The reported AIN prevalence varies from 1–3% of all kidney biopsies; with biopsies performed on clinical diagnosis of AKI or acute kidney disease (AKD), the AIN incidence increases to 5–27%.5 By far, the most common etiologic agent of AIN is drugs. AIN incidence is believed to be increasing; a Spanish biopsy registry study reported a threefold increase in diagnosis from 1994 to 2009. In our center, AIN accounted for only 1.6% of kidney biopsies. This underestimation might be due to various reasons, such as avoiding biopsy in patients with spontaneous reduction in creatinine or not getting a nephrology consult for those with mild renal impairment. There was a median 16-day gap between AKI onset and AIN diagnosis. This delay was primarily due to late referrals. In patients with snakebite, biopsy was done when the clinical picture didn't fit the recovery pattern of ATN. Given that some patients with AIN could also have shown spontaneous early recovery, it is possible that this condition was under diagnosed.

The most common clinical manifestations of AIN are AKI, microscopic hematuria, non-nephrotic proteinuria, and leukocyturia.6,7 The reported prevalence of these symptoms in our study is similar to that reported in the literature. In recent years, AIN has shifted to an oligosymptomatic presentation with isolated symptomatic or asymptomatic renal dysfunction. The classic triad of fever, arthralgia, and rashes is present only in the minority; the diagnosis might likely be missed altogether in those with milder renal dysfunction. In the present series, we did not encounter patients with this classic triad. Most had no extrarenal symptoms, with fever present only in 20% and lower proportions with eosinophilia and arthralgia; skin rashes were not encountered. These figures are much lower compared to a previous report by Clarkson et al., where fever was reported in 30%, rash in 21%, and eosinophilia in 36%.7 A recent study from India reported some incidences of fever (26%) and eosinophilia (14%).8

The leading AIN causes reported in various studies include drugs, infections, and idiopathic and associated systemic diseases like sarcoidosis, SLE, Sjögren's syndrome, and IgG4 disease.9 The etiology of AIN, as described in the Western literature, suggests drugs as the cause in >75%–90% of the cases. Most cases of drug-induced AIN reported in the literature are due to antimicrobial agents, proton pump inhibitors, and nonsteroidal anti-inflammatory drugs (NSAIDs).10 Data on AIN from LMICs is limited. A recent study from India reported a lower proportion (45%) accounted for by drugs, with a relatively higher proportion (30%) contributed by infections.8 The major cause in the present study was drugs (45%), and patients taking multiple drugs like NSAIDs or antibiotics and PPI simultaneously were found to be the common cause for drug-induced AIN (33.3%). It is uncertain whether PPI alone can cause kidney disease. Concomitant intake of other drugs like NSAIDS or antibiotics may also contribute to disease in such patients.11

Notably, envenoming was found to be a major cause of AIN, accounting for ∼1/3 of the cases. In a recent study from South India, snake envenoming accounted for 5% of AIN. The higher proportions of envenoming-related AIN are possibly due to the center's location, which predominantly caters to the rural population engaged in agriculture-related activities.
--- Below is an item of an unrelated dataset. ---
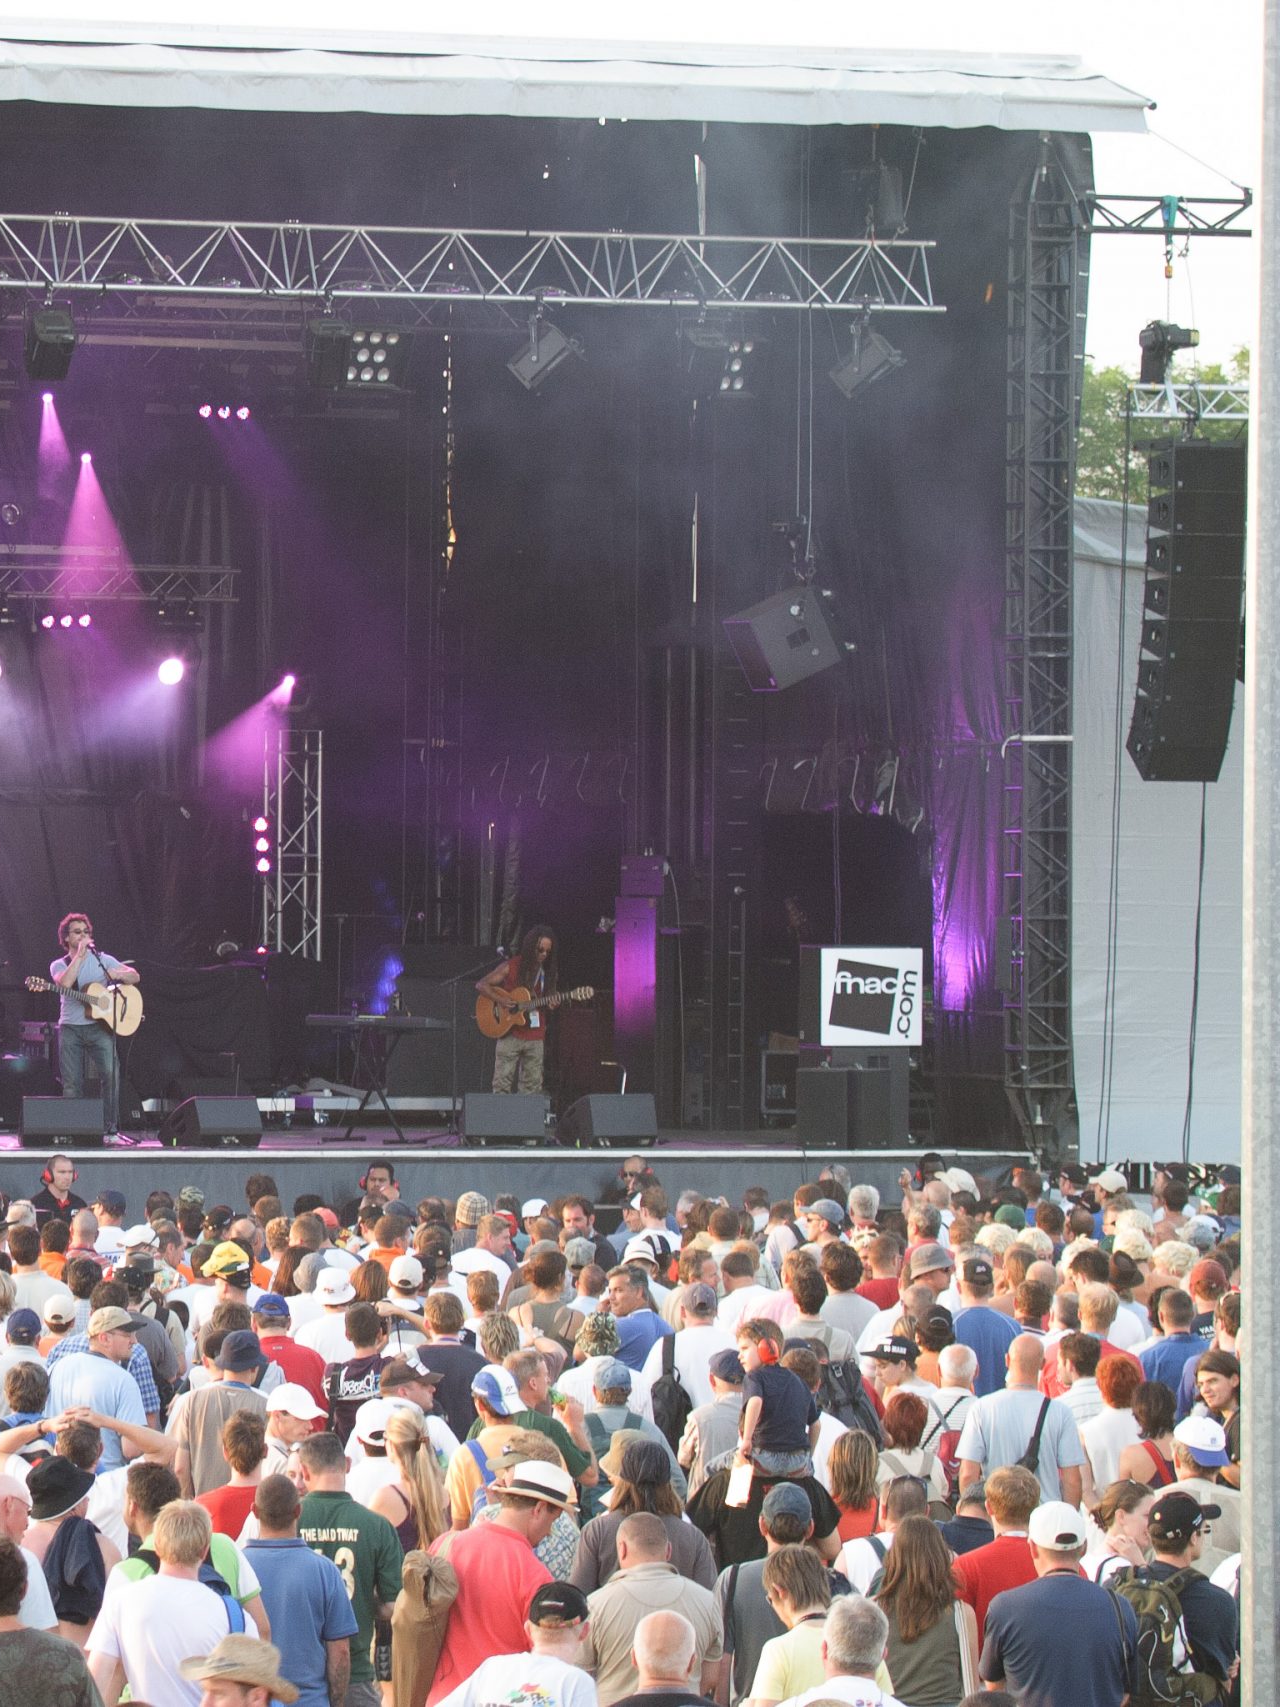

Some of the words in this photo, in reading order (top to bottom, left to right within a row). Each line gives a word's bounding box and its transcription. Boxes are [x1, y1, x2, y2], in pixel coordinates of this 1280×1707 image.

AIN following envenomation is often overlooked due to the limited awareness about this entity; literature is often limited to case reports and small case series; data is even more limited with bee/wasp stings.12 AIN might reflect the effect of venom per se, antivenom, or even an allergic response to the multiple drugs, including antibiotics and analgesics, administered to these patients. Envenoming-related AIN presents as severe kidney failure persisting for weeks, often requiring dialysis, even after resolution of all symptoms of AIN. A previous study from the same center found that 5.7% of patients who developed AKI following snake envenoming had AIN. Identifying AIN after envenomation is important due to the reversible nature following corticosteroid administration, even after an apparent delay of 4–6 weeks. The reported response rate varies from 20%–80%. In the present study, 2/3 of envenomation-related AIN showed a favorable response to steroids.3,13,14

In the present study, 53% did not recover kidney function despite corticosteroid therapy. Even though there are initial improvements in GFR and dialysis independence, a proportion of patients with AIN might progress to varying degrees of CKD in the long term. Despite the immunological nature of the insult, drug-induced AIN does not often respond well to immunosuppression. Residual renal damage is common in >2/3 of patients; those who show rapid improvements in the initial 6–8 weeks are reported to have better long-term kidney function.15

Most available data about AIN management are from retrospective studies. It Has been suggested that steroids may hasten dialysis independence but may not affect the GFR in the long term. Clarkson et al. reported that the majority with AIN have residual kidney damage on follow-up; administration of corticosteroids had no impact on short-term recovery or long-term kidney function.7 However, there was a considerable delay (>3 weeks) between the onset of kidney failure and steroid initiation in the study. However, Gonzalez et al. reported complete recovery of kidney function in 54% of patients who received steroids as against 33% recovery among those who did not; institution of steroids within 7 days of withdrawal of the offending drug was associated with better prognosis.16 In the present study, the majority of patients presented in the third week, and steroids were given once the biopsy confirmed AIN diagnosis, possibly accounting for suboptimal responses. A recent study from India has reported 80% recovery; however, the data on steroid responsiveness is not given. Even though pre-existing CKD was not documented in any of the patients, underlying chronicity in the biopsy was associated with poor outcomes. The presence of glomerulosclerosis in 27 patients (49.1%) is likely due to the underlying chronicity, probably age-related (around 31% of our study population was >50 years), as the glomerulosclerosis in most of the patients was mild (<25%). Although none of the patients had documented pre-existing CKD, the possibility of underlying subclinical kidney damage cannot be ruled out. Our center caters to a geographical area endemic of CKDu, which further supports this consideration. Studies have shown that underlying chronicity was associated with nonrecovery.17 We also observed that envenomation and immunological causes of AIN had better outcomes compared to drug-induced AIN, whereas with drug-induced AIN, only 50% showed a CR.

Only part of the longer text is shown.